• **The task**: Copy out exactly the lines from the line containing "this 1600×1200 image." to the end of the listing.

[Extracted information — start]

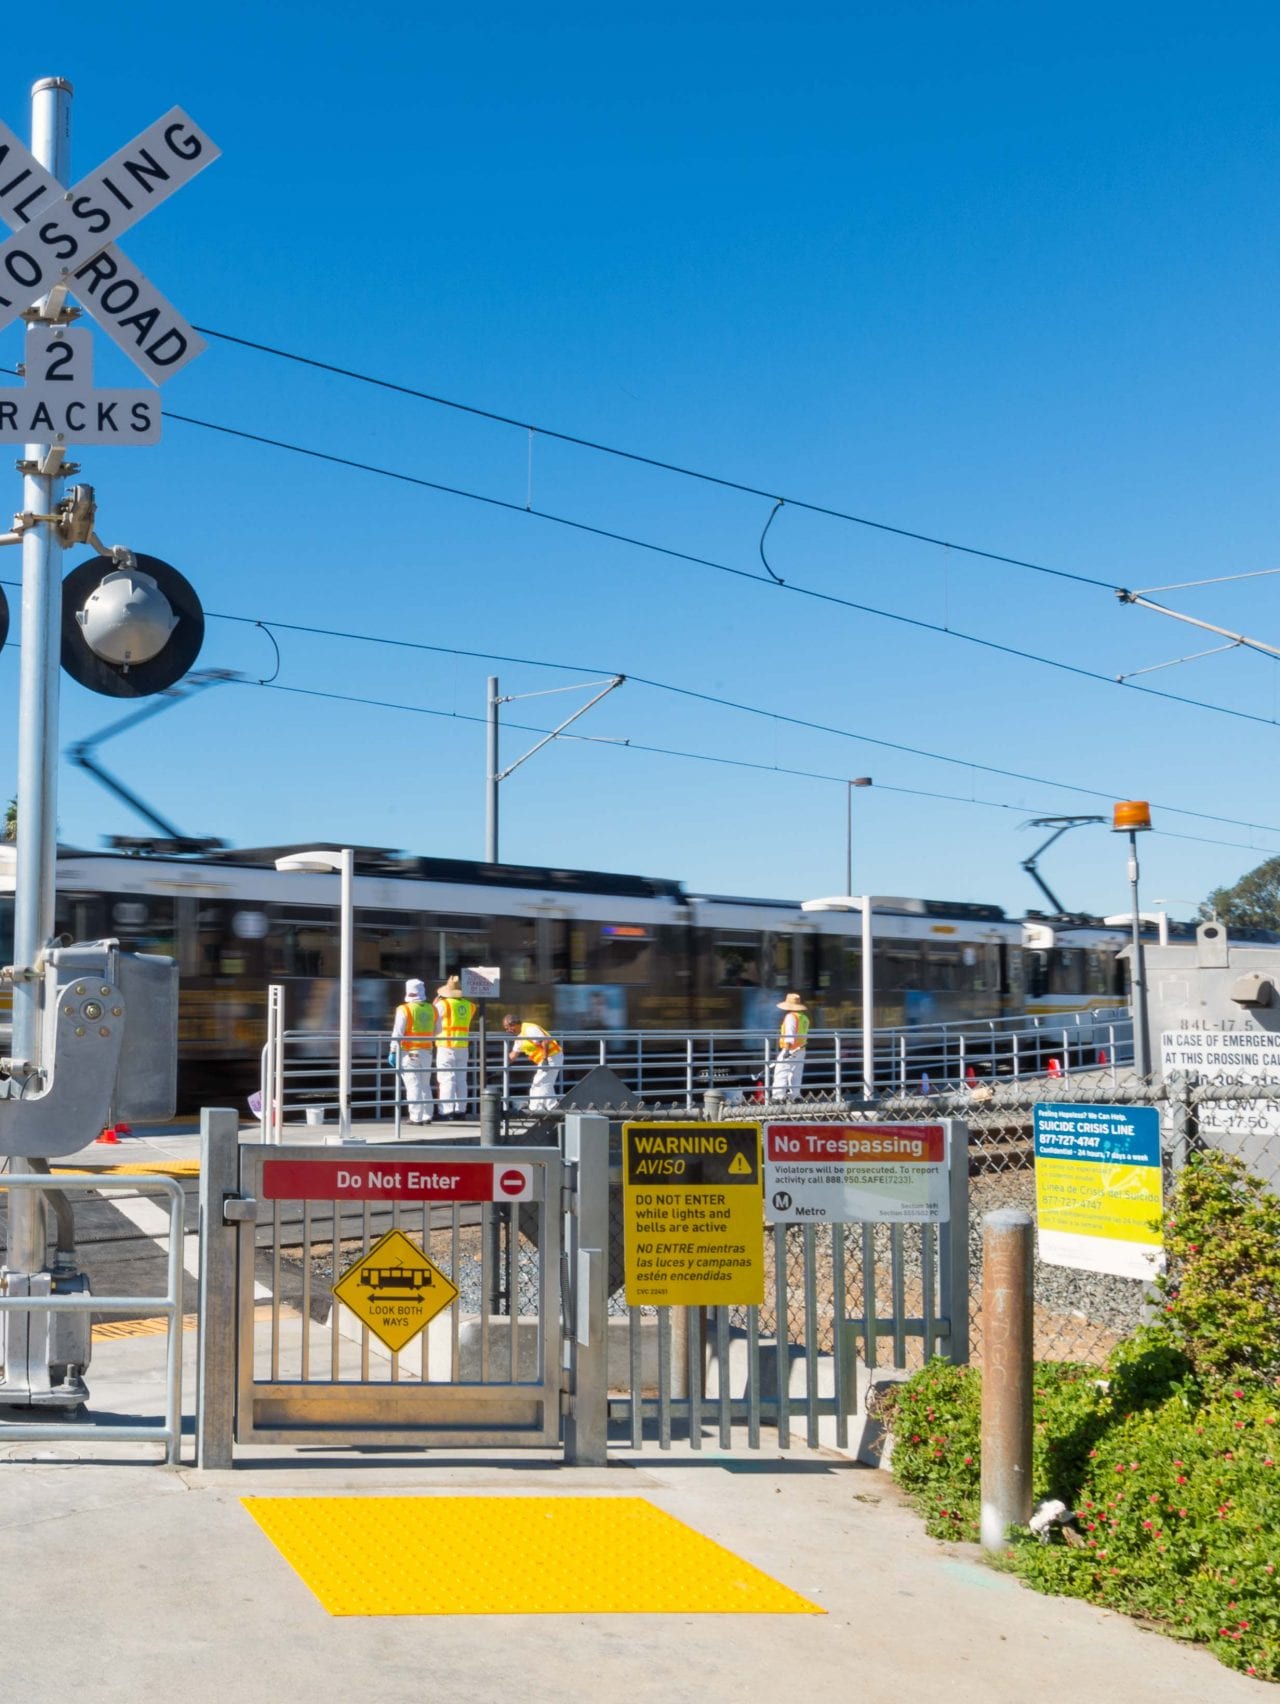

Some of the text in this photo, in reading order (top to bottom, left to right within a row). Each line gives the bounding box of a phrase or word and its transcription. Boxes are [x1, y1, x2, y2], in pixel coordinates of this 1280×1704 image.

[45, 342, 74, 381] 2
[1163, 1035, 1173, 1046] IN
[1176, 1035, 1202, 1046] CASE
[1206, 1035, 1220, 1046] OF
[1166, 1053, 1176, 1063] AT
[1180, 1053, 1203, 1064] THIS
[1207, 1053, 1258, 1065] CROSSING
[1111, 1113, 1127, 1121] Help.
[1039, 1121, 1135, 1136] SUICIDE CRISIS LINE
[634, 1137, 728, 1153] WARNING
[1039, 1134, 1100, 1147] 877-727-4747
[775, 1136, 922, 1157] No Trespassing
[1039, 1146, 1073, 1155] Confidential
[1087, 1150, 1105, 1158] hours,
[1111, 1152, 1126, 1161] days
[636, 1159, 686, 1174] AVISO
[775, 1166, 939, 1175] Violators will be prosecuted. To report
[337, 1171, 460, 1190] Do Not Enter
[775, 1176, 806, 1185] activity
[807, 1176, 823, 1184] call
[1067, 1185, 1077, 1194] de
[1080, 1185, 1105, 1196] Crisis
[636, 1195, 725, 1205] DO NOT ENTER
[774, 1193, 791, 1209] M
[1042, 1195, 1102, 1210] 877-727-4747
[636, 1209, 731, 1220] while lights and
[795, 1207, 826, 1216] Metro
[637, 1222, 666, 1232] bells
[692, 1222, 727, 1232] active
[636, 1244, 746, 1253] NO ENTRE mientras
[636, 1258, 751, 1269] las luces y campanas
[637, 1271, 732, 1280] estén encendidas
[369, 1306, 423, 1315] LOOK BOTH
[383, 1317, 409, 1326] WAYS
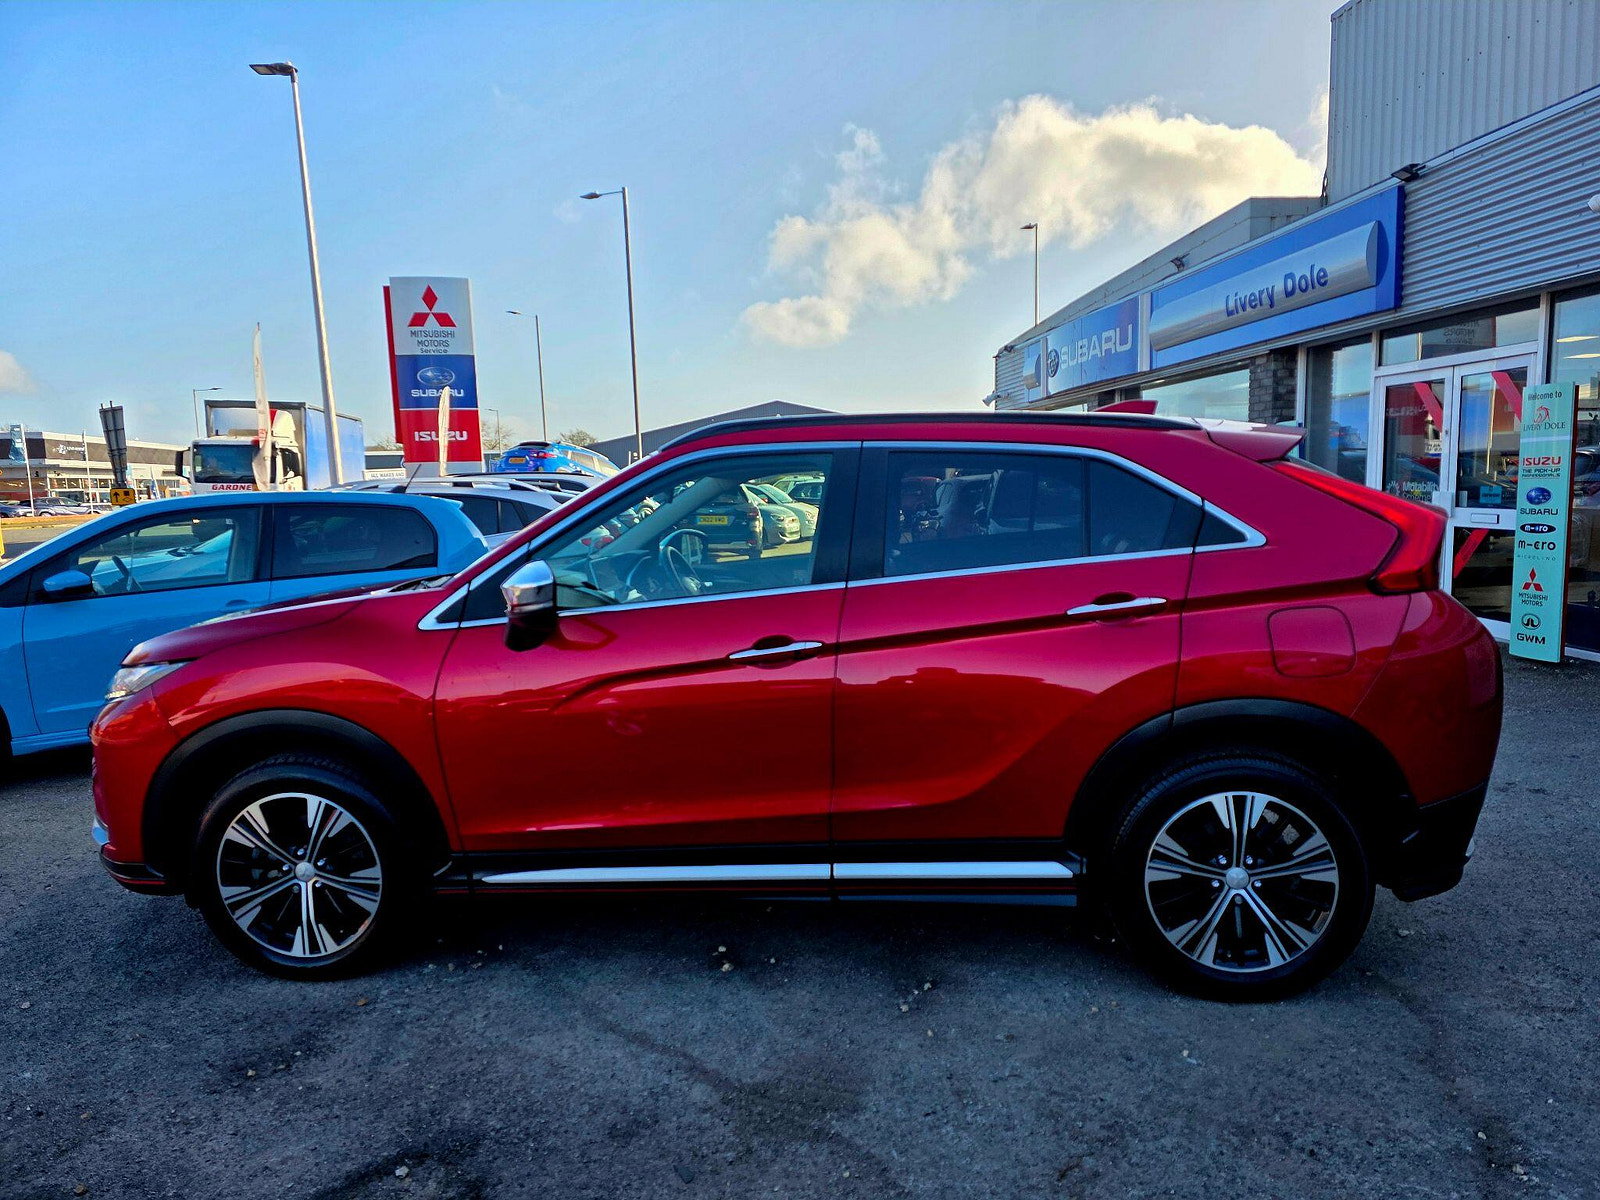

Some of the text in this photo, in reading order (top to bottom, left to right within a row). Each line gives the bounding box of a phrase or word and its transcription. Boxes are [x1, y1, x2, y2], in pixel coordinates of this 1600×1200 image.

[1225, 264, 1329, 318] Livery Dole
[410, 330, 455, 338] MITSUBISHI
[417, 339, 450, 348] MOTORS
[1060, 323, 1133, 370] SUBARU
[1527, 390, 1563, 401] Welcome to
[1544, 421, 1566, 430] DOLE
[1522, 456, 1561, 466] ISUZU
[1520, 507, 1559, 516] SUBARU
[1518, 592, 1549, 601] MITSUBISHI
[1521, 599, 1543, 607] MOTORS
[1516, 632, 1546, 645] GWM

[Extracted information — finish]

• **Result of this task**:
Some of the text in this photo, in reading order (top to bottom, left to right within a row). Each line gives the bounding box of a phrase or word and its transcription. Boxes are [x1, y1, x2, y2], in pixel coordinates of this 1600×1200 image.

[1225, 264, 1329, 318] Livery Dole
[410, 330, 455, 338] MITSUBISHI
[417, 339, 450, 348] MOTORS
[1060, 323, 1133, 370] SUBARU
[1527, 390, 1563, 401] Welcome to
[1544, 421, 1566, 430] DOLE
[1522, 456, 1561, 466] ISUZU
[1520, 507, 1559, 516] SUBARU
[1518, 592, 1549, 601] MITSUBISHI
[1521, 599, 1543, 607] MOTORS
[1516, 632, 1546, 645] GWM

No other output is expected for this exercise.